ExternalAccessControlFactory.SpawnParams memory params = ExternalAccessControlFactory.SpawnParams({
    initialDelay: 48 hours,              // Time-delayed admin transfer for security
    initialDefaultAdmin: platformAdmin,   // Your platform's admin address (use multisig)
    initialRoles: new ExternalAccessControlFactory.RoleAttribution[](0),
    deploymentSalt: keccak256("platform-eac-v1")
});

ExternalAccessControl eac = eacFactory.spawn(params);
Use a multisig wallet (e.g. Safe) as the initialDefaultAdmin.
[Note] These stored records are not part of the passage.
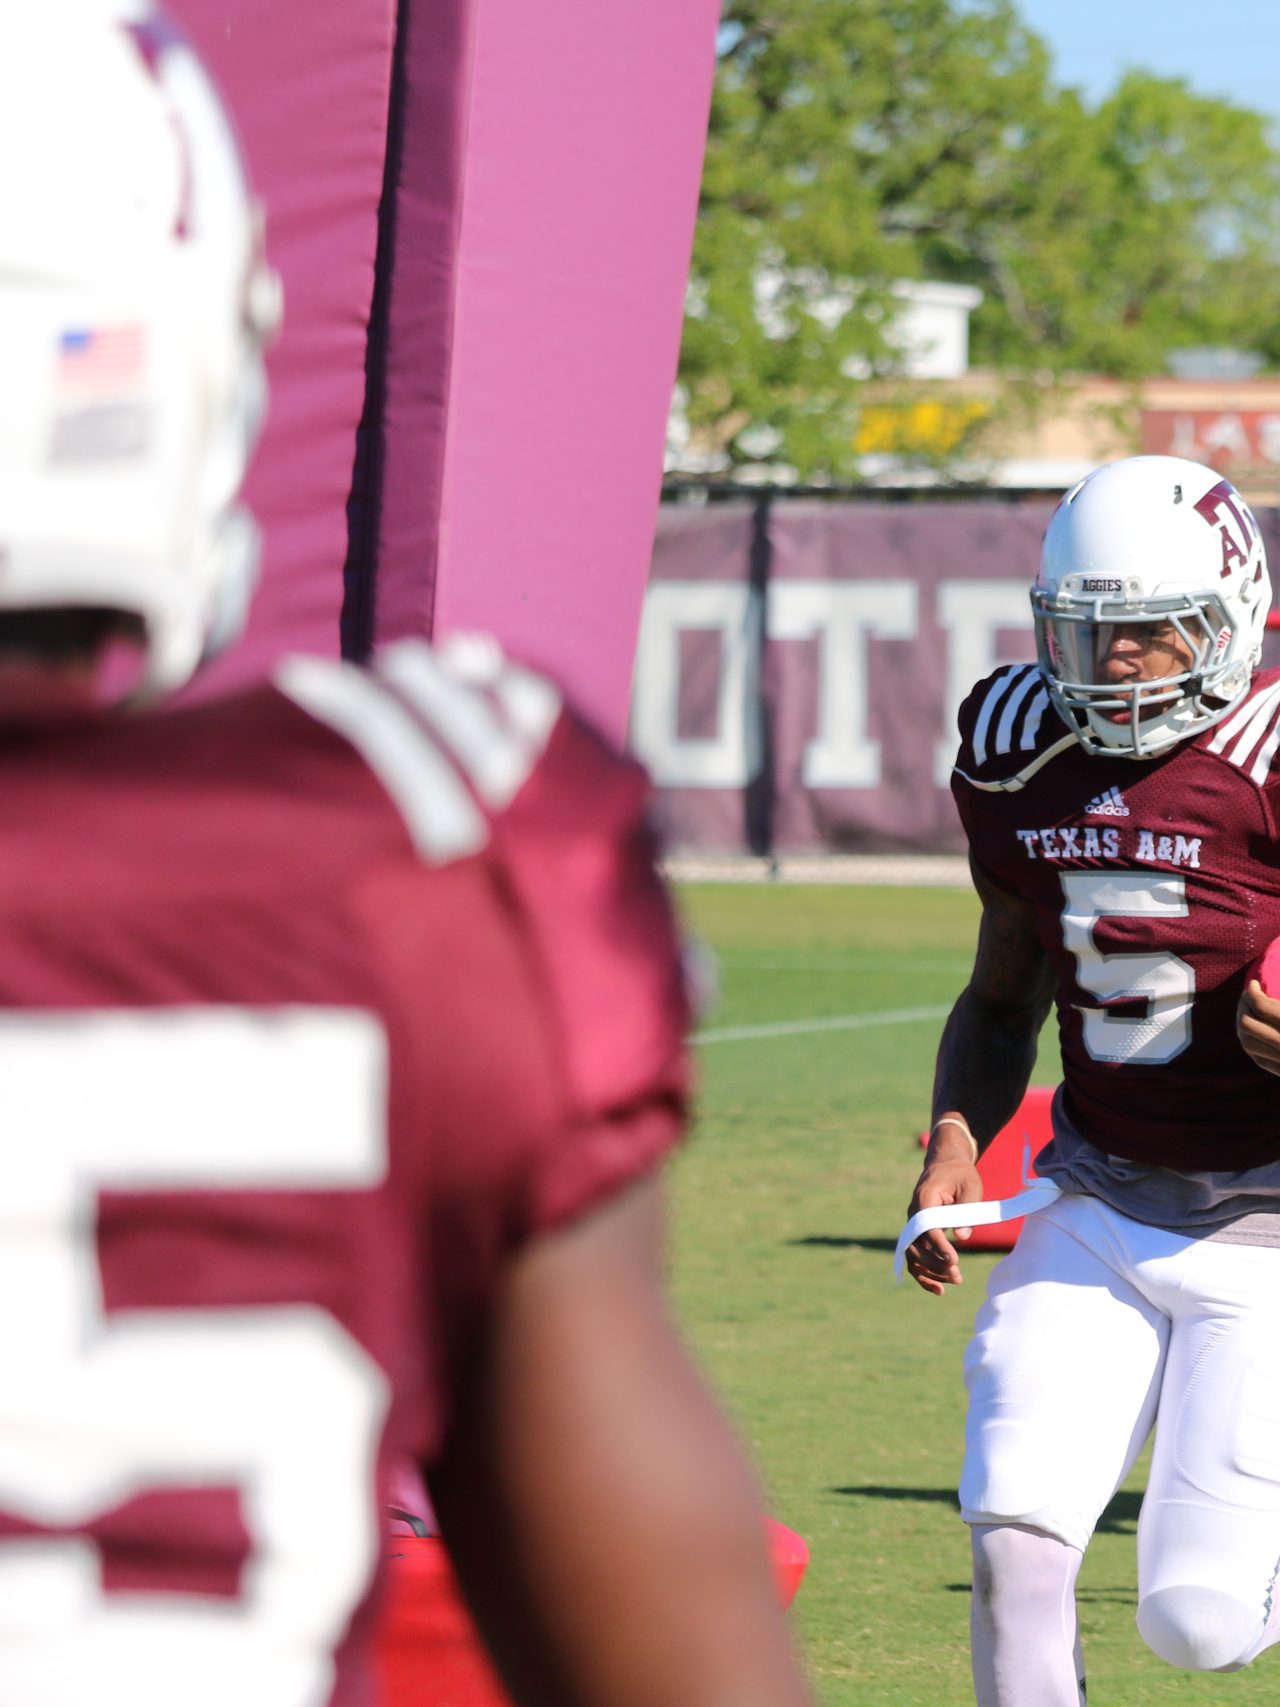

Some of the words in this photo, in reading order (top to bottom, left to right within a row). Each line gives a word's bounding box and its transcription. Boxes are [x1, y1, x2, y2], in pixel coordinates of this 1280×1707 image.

[1082, 579, 1122, 592] AGGIES
[1084, 801, 1130, 816] adidas
[1016, 827, 1121, 859] TEXAS
[1135, 830, 1202, 868] A&M
[1059, 870, 1198, 1066] 5
[0, 1002, 393, 1707] 5
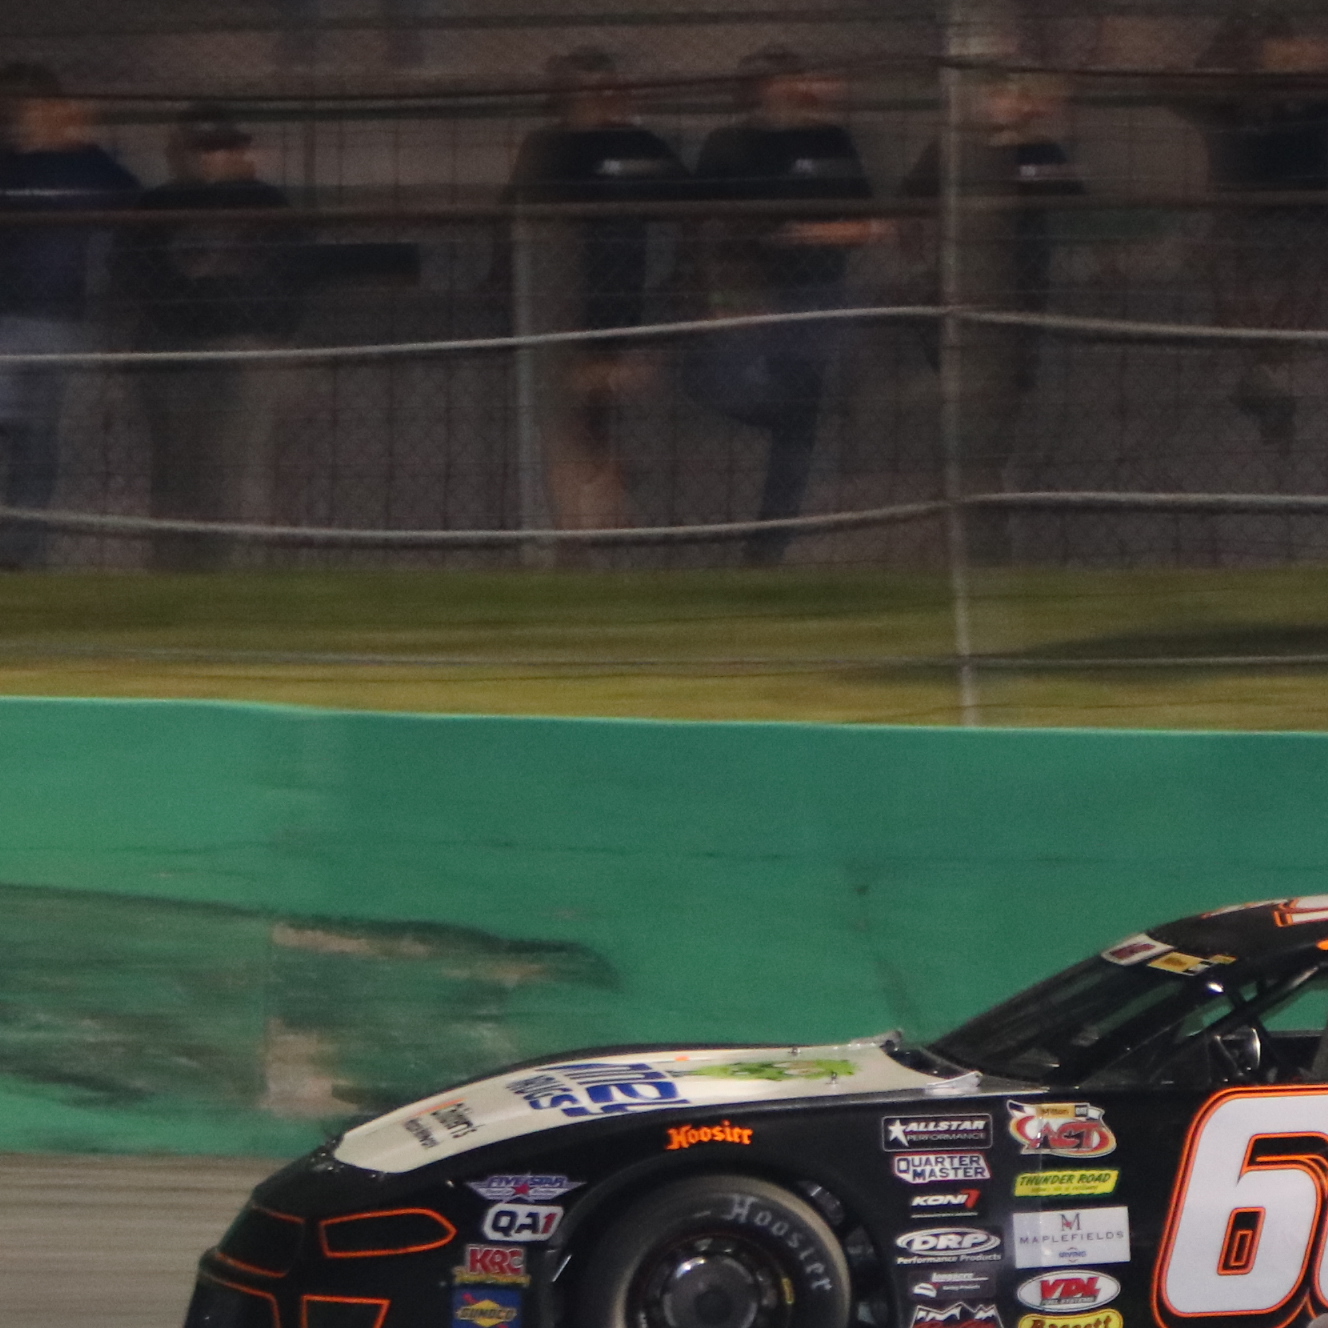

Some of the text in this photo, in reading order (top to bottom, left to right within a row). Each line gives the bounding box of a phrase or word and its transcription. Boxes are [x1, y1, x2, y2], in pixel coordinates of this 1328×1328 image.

[905, 1120, 987, 1132] ALLSTAR
[666, 1119, 754, 1150] Hoosier
[906, 1132, 985, 1141] PERFORMANCE
[1029, 1120, 1101, 1149] ACT
[897, 1155, 981, 1174] QUARTER
[912, 1167, 986, 1181] MASTER
[1020, 1172, 1111, 1186] THUNDER ROAD
[911, 1194, 969, 1207] KONI
[491, 1208, 558, 1237] QA1
[723, 1195, 832, 1292] Hoosier
[911, 1233, 989, 1251] DRP
[1020, 1230, 1124, 1244] MAPLEFIELDS
[468, 1248, 524, 1276] KRC
[897, 1253, 1002, 1265] Performance Products
[1041, 1276, 1101, 1300] VDL
[459, 1307, 517, 1320] SUNOCO
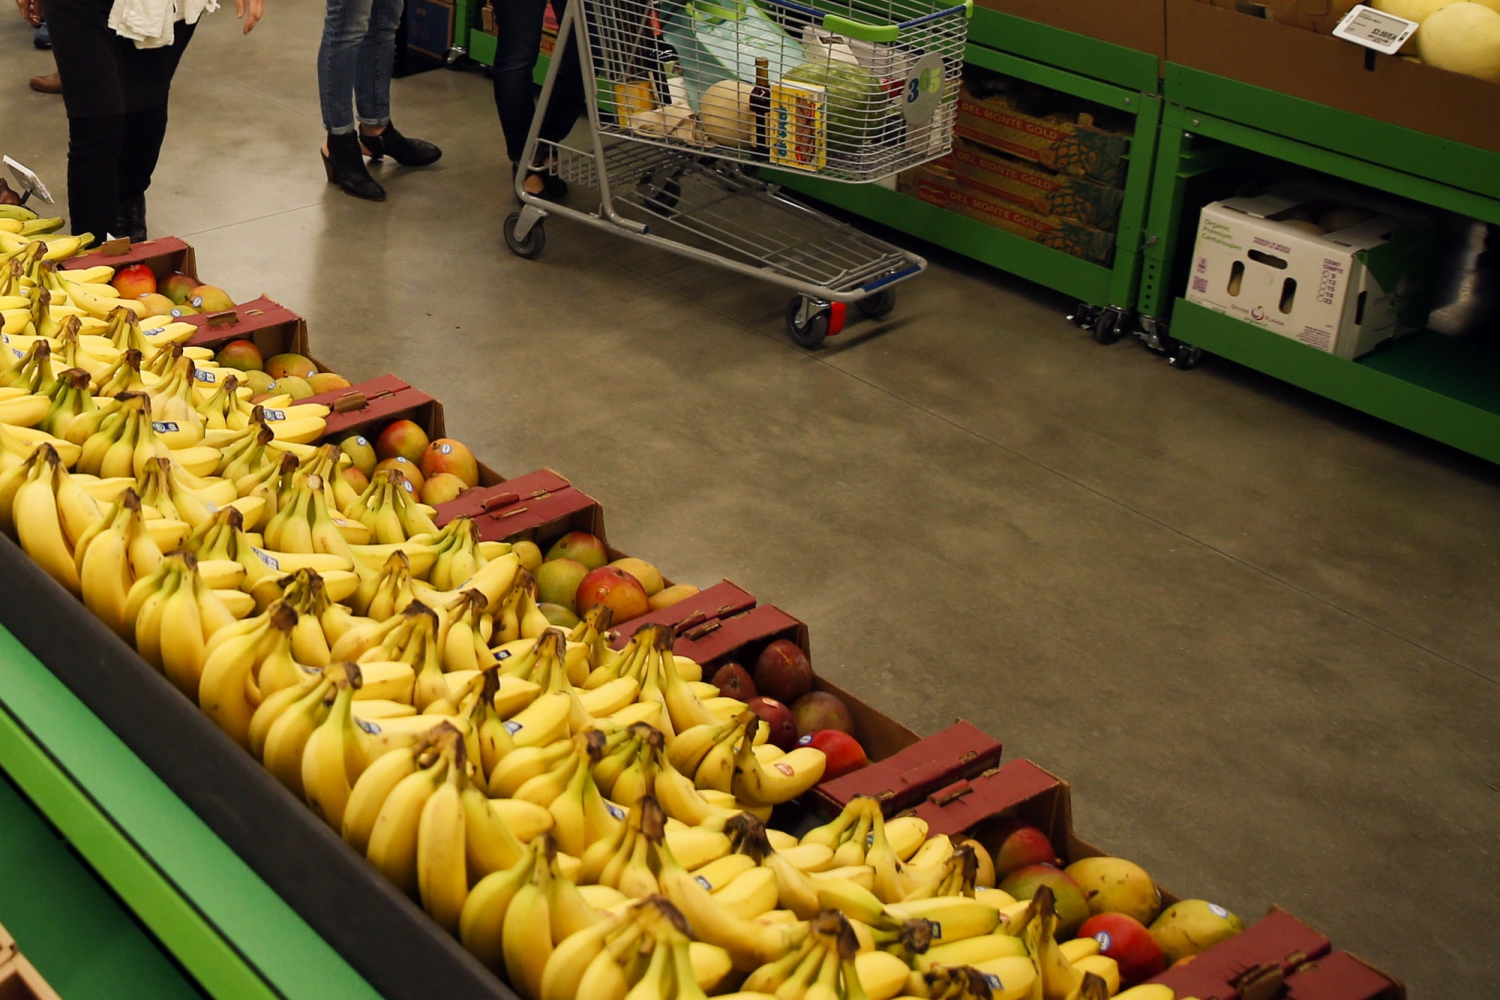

This is the most privileged role in the system — it can grant and revoke any role.
2

Grant operator roles

Authorize your operators and asset managers for the specific strategies and yield sources they manage.
// Grant STEAM access scoped to a specific Multi-Vehicle
eac.grantScopedRole(Roles.VEHICLE_STEAM, address(multiVehicle), operator);

// Grant Multi-Vehicle management roles
eac.grantScopedRole(Roles.MULTI_VEHICLE_DEPOSIT, address(multiVehicle), operator);
eac.grantScopedRole(Roles.MULTI_VEHICLE_DISPATCH, address(multiVehicle), operator);
eac.grantScopedRole(Roles.MULTI_VEHICLE_REBALANCE, address(multiVehicle), operator);
3

Authorize yield sources

Allow the strategy to interact with specific yield sources.
// Authorize a Vehicle in the Multi-Vehicle registry
eac.grantScopedRole(
    Roles.MULTI_VEHICLE_SET_VEHICLE_AUTHORIZATION,
    address(multiVehicle),
    platformAdmin
);
4

Configure fee management roles

// Allow updating fees
eac.grantScopedRole(Roles.FEE_MANAGER_SET_FEES, address(feeManager), feeAdmin);

// Allow distributing collected fees
eac.grantScopedRole(Roles.FEE_MANAGER_DISPATCH_ERC20, address(feeManager), operator);

Key roles reference

Yield source operations

RoleAllows
VEHICLE_STEAMcreate(), resume(), unlock(), recover() on Vehicles
VEHICLE_SET_INTERCEPTIONSConfigure reward interception rules
VEHICLE_ALLOWManage module allowlist

Strategy management

RoleAllows
MULTI_VEHICLE_DEPOSITDirect deposits into accounting
MULTI_VEHICLE_DISPATCHSend assets to yield sources
MULTI_VEHICLE_REBALANCERebalance across positions
MULTI_VEHICLE_MOVE_ASSETSMove assets between sectors
MULTI_VEHICLE_MOVE_SHARESMove shares between sectors
MULTI_VEHICLE_SET_VEHICLE_AUTHORIZATIONAuthorize/deauthorize yield sources
MULTI_VEHICLE_SET_QUEUESConfigure queue parameters
MULTI_VEHICLE_SET_THRESHOLDSSet operational thresholds
MULTI_VEHICLE_PROGRESS_QUERYAdvance sub-query state

Fee management

RoleAllows
FEE_MANAGER_SET_FEESUpdate fee percentages
FEE_MANAGER_SET_FEE_RECIPIENTSUpdate fee recipients
FEE_MANAGER_DISPATCH_ERC20Distribute collected fees
FEE_MANAGER_REDEEM_VEHICLE_SHARESRedeem fee shares

Infrastructure

RoleAllows
FACTORY_SPAWNDeploy new contracts via factories
BEACON_UPGRADEUpgrade beacon implementations
BEACON_FREEZEPermanently freeze a beacon
BEACON_PAUSE / BEACON_UNPAUSEPause/unpause beacons

Checking permissions

// Check global role
bool hasAccess = eac.hasRole(Roles.VEHICLE_STEAM, account);

// Check scoped role
bool hasScopedAccess = eac.hasScopedRole(
    Roles.VEHICLE_STEAM,
    address(myVehicle),
    account
);

// Check either global or scoped
bool hasAnyAccess = eac.hasRoleOrScopedRole(
    Roles.VEHICLE_STEAM,
    address(myVehicle),
    account
);

Admin transfer

The DEFAULT_ADMIN_ROLE uses a time-delayed transfer for security:
1

Initiate transfer

eac.beginDefaultAdminTransfer(newAdmin);
2

Wait for delay

The configured delay (e.g., 48 hours) must pass.
3

Accept transfer

The new admin calls:
eac.acceptDefaultAdminTransfer();
Use scoped roles whenever possible. They provide granular control and limit the blast radius if an account is compromised.